Task instructions — Except for the pictures, reproduce the records word for word.

Supplied material —
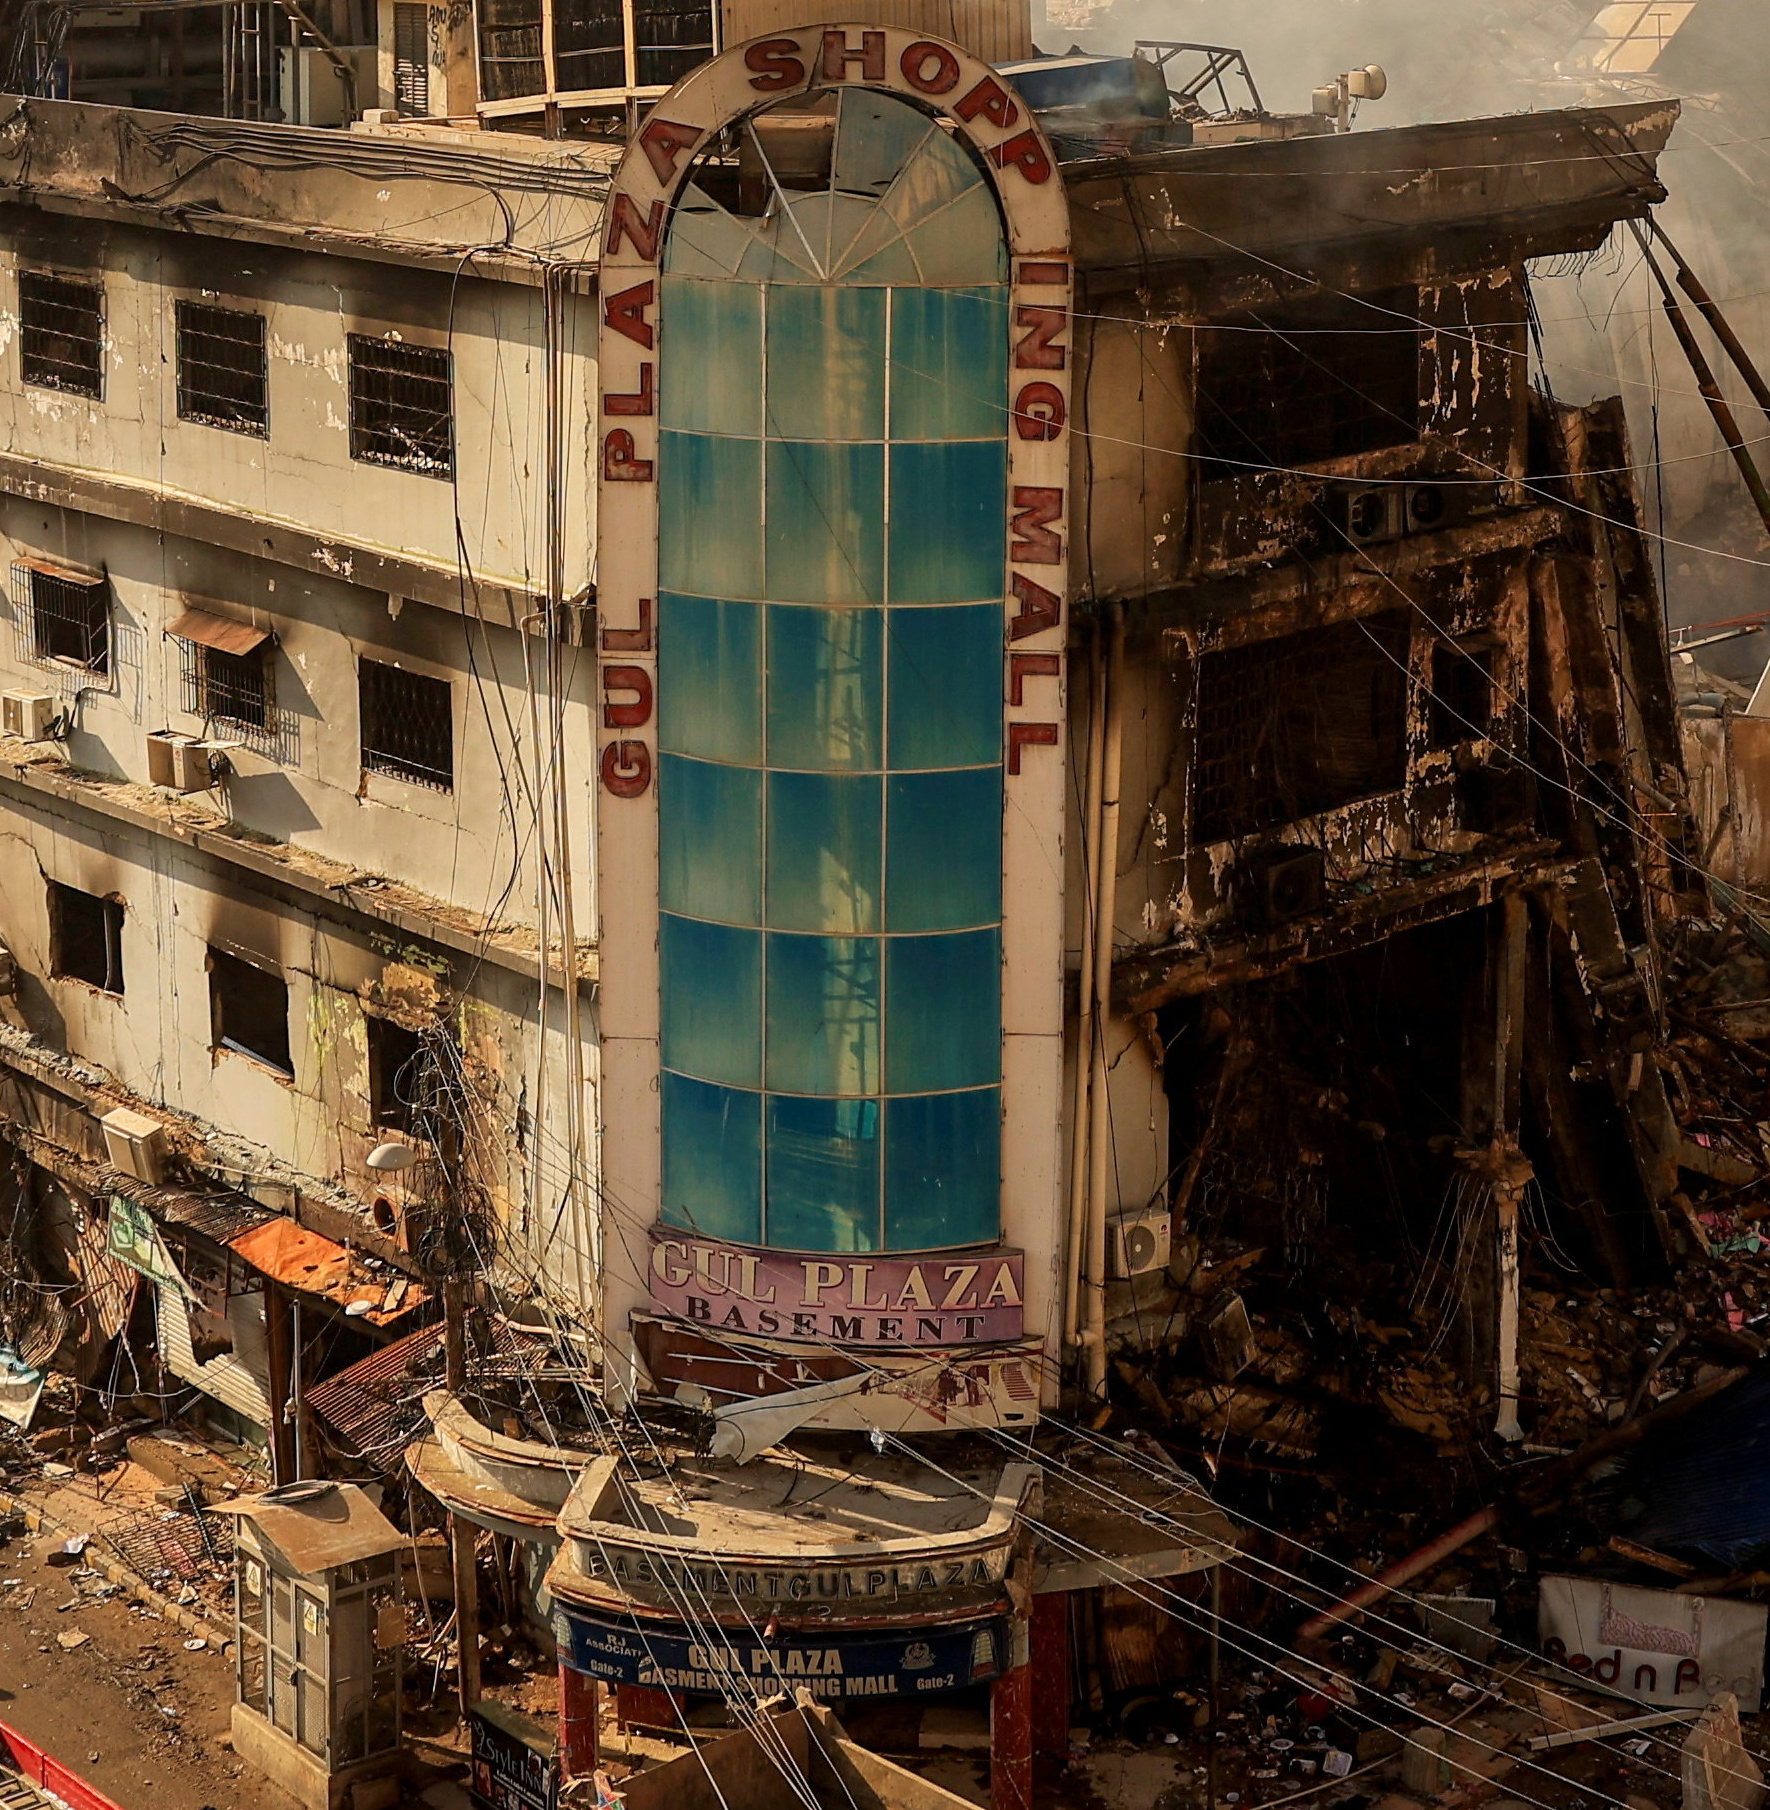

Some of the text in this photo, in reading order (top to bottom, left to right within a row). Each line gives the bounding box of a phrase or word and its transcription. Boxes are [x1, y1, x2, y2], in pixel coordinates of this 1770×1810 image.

[600, 31, 1068, 798] GUL PLAZA SHOPPING MALL
[652, 1240, 1024, 1311] GUL PLAZA
[685, 1294, 987, 1342] BASEMENT
[590, 1658, 624, 1679] Gate-2
[688, 1644, 844, 1676] GUL PLAZA
[845, 1673, 899, 1697] MALL
[917, 1673, 955, 1691] Gate-2
[1635, 1664, 1657, 1693] n

Written reply —
Some of the text in this photo, in reading order (top to bottom, left to right within a row). Each line gives the bounding box of a phrase or word and its transcription. Boxes are [x1, y1, x2, y2], in pixel coordinates of this 1770×1810 image.

[600, 31, 1068, 798] GUL PLAZA SHOPPING MALL
[652, 1240, 1024, 1311] GUL PLAZA
[685, 1294, 987, 1342] BASEMENT
[590, 1658, 624, 1679] Gate-2
[688, 1644, 844, 1676] GUL PLAZA
[845, 1673, 899, 1697] MALL
[917, 1673, 955, 1691] Gate-2
[1635, 1664, 1657, 1693] n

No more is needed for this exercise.